I've never had any of that happen to me, nor to anyone else I know. The amount of bs that you seem to be pulling out is getting kind of ridiculous. Any sort of proofs to your claims?
Then that brings us to customer support. Steam support is by far the WORST of all companies distributing games to resolve issues of any kind, worse than Sony, EA, GOG, Nintendo, and MS combined. Often people can wait a week or more for a answer to a support ticket, while of course their account is restricted for a Valve bank fuck up while one of those great Steam sales you mentioned goes on. It's just atrocious, you can't call them for support anymore, you can't live chat. Only a support email ticket and a prayer they will answer within three days. That is NOT indicative of a company that values it's customers and their issues, considering this is a private company worth billions, that instead of hiring a competent support team and implementing live chat and generally improving and adding more features to the client.

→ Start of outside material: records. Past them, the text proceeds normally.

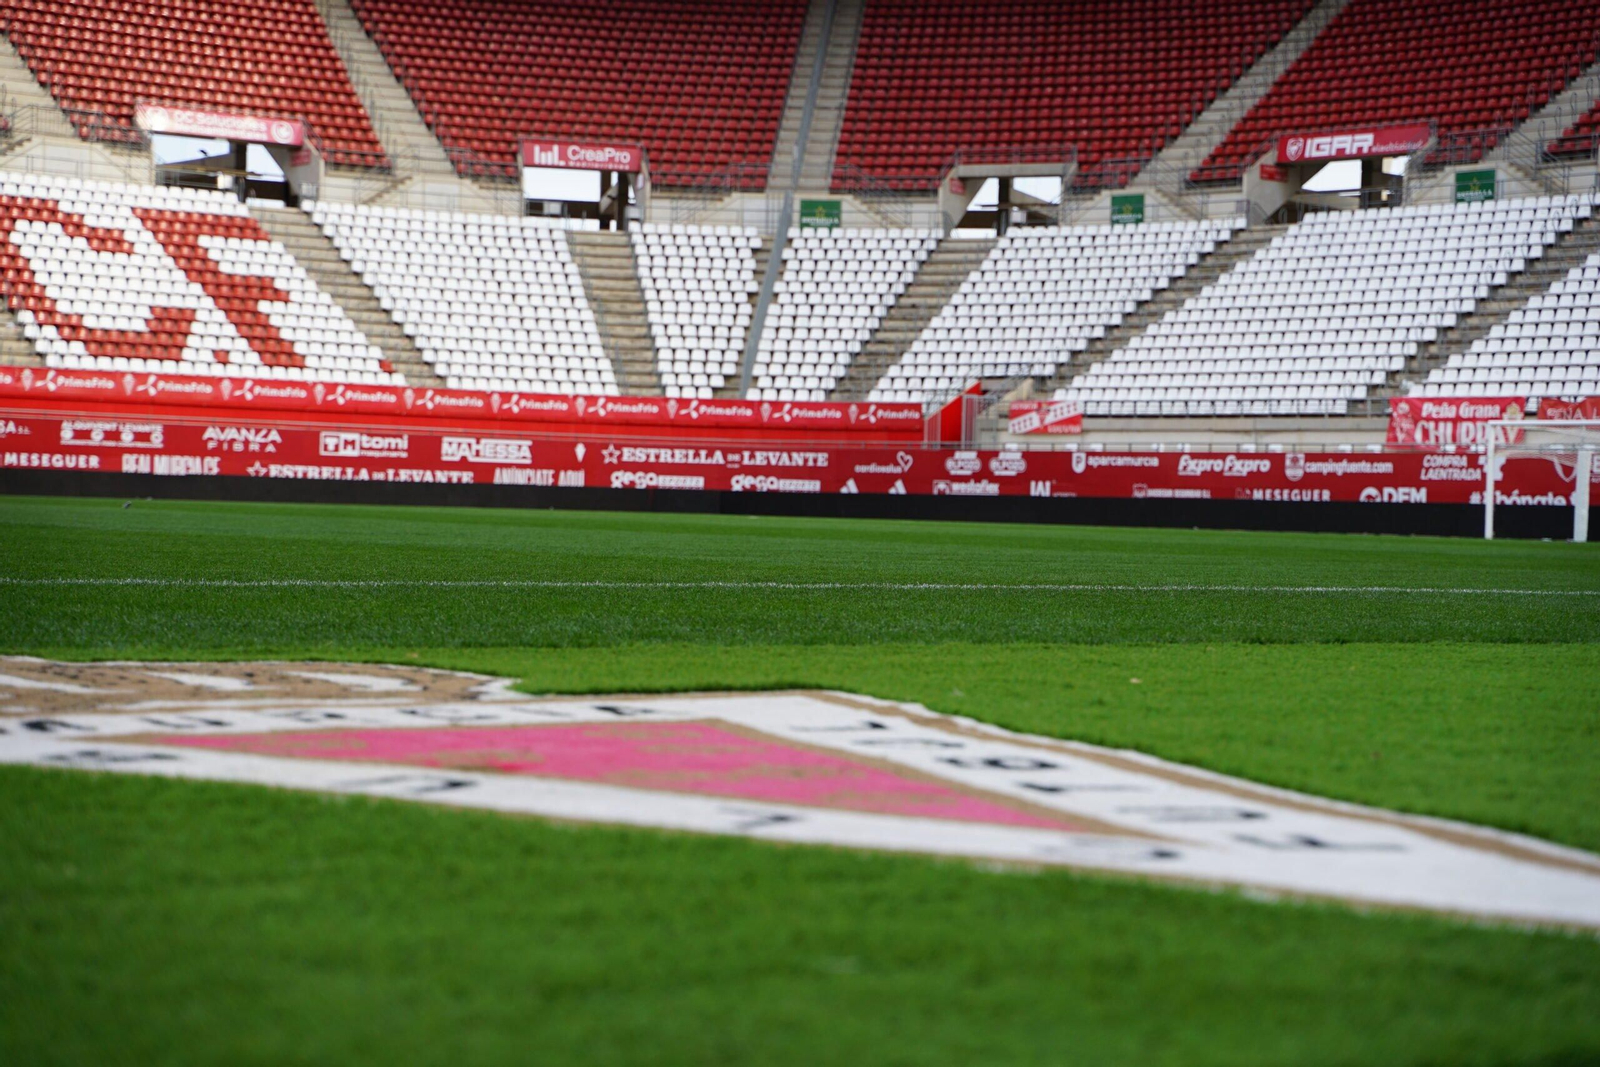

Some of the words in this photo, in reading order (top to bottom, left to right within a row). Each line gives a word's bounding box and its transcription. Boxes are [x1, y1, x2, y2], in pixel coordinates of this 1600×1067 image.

[1304, 133, 1374, 158] IGAR
[567, 145, 631, 164] CreaPro
[57, 375, 115, 389] PrimaFrio
[157, 380, 213, 394] PrimaFrio
[253, 386, 308, 398] PrimaFrio
[345, 391, 397, 403] PrimaFrio
[434, 395, 484, 407] PrimaFrio
[519, 399, 569, 411] PrimaFrio
[606, 402, 659, 414] PrimaFrio
[700, 405, 753, 417] PrimaFrio
[792, 408, 842, 419] PrimaFrio
[877, 409, 920, 420] PrimaFrio
[1421, 402, 1457, 418] Peña
[1459, 401, 1501, 418] Grana
[202, 426, 282, 443] AVANZA
[207, 440, 277, 453] FIBRA
[361, 434, 409, 450] tomi
[441, 438, 532, 463] MAHESSA
[621, 447, 726, 465] ESTRELLA
[742, 450, 829, 467] LEVANTE
[4, 452, 100, 469] MESEGUER
[1087, 455, 1160, 468] aparcamurcia
[1423, 454, 1468, 468] COMPRA
[268, 464, 370, 481] ESTRELLA
[387, 469, 474, 484] LEVANTE
[1252, 488, 1331, 501] MESEGUER
[1469, 488, 1567, 506] #bónate

I will admit that it's rather lackluster. They do have the capabilities to add some sort of decent support structure but all they have are support tickets. Then again I and many others haven't really had too many issues that warranted contacting support due to Steam's reliability overall, but it still is a sticking point. Valve certainly could use better support.
And of course we could go into the fact if Valve REALLY CARED about getting ALL the best content they could, they just don't and have zero proactive-ness in getting the PC versions Day 1 by being at the barginning table for those games with money on the table. Not to mention older games or compilations they could easily make a killing on they don't seem to go after (Mega Man Anthology, MGS HD Collection, Silent Hill Collection, OG ResiEvil series HD anybody?). Many of which are already on PC and have already been ported. Where's Planescape Torment, where's Ultima Underworld 1 & 2? The fact is, Valve isn't proactive for games on their market, they simply sit back and just hope and wait a PC version comes, they don't go after them aggressively like they could. If that were true then there would already be word of Valve in talks with Platinum Games to bring over Vanquish seeing how well Metal Gear Rising sold, but no. So Valve is what Valve is. And honestly, with the stuff I've just laid out PC gamers deserve a far better platform and company at their back for them, imo.
I... really don't understand how this is a knock against Steam at all
. So you wan't Valve to more proactive in the gaming industry and lay down fat bucks for games to be released on the PC that are console exclusive? This isn't a disadvantage of Steam as a distribution platform, it sounds like you want to be Valves new business manager. Without even considering whether it would be profitable for Valve to do this (it wouldn't) the companies that release games sans a PC version do it for a very specific purpose. When you release a PC version, you release a piratable version. When you release a piratable version, console sales suffer (and that's where most of the money is). Companies would never pull a complete 180 on this policy without a massive amount of money from Valve. Valve is still a private company and not as big as you think it is. They can't just pull money out of their ass to be the idealistic, naive view of a knight in shining armor for the PC industry that you seem to have.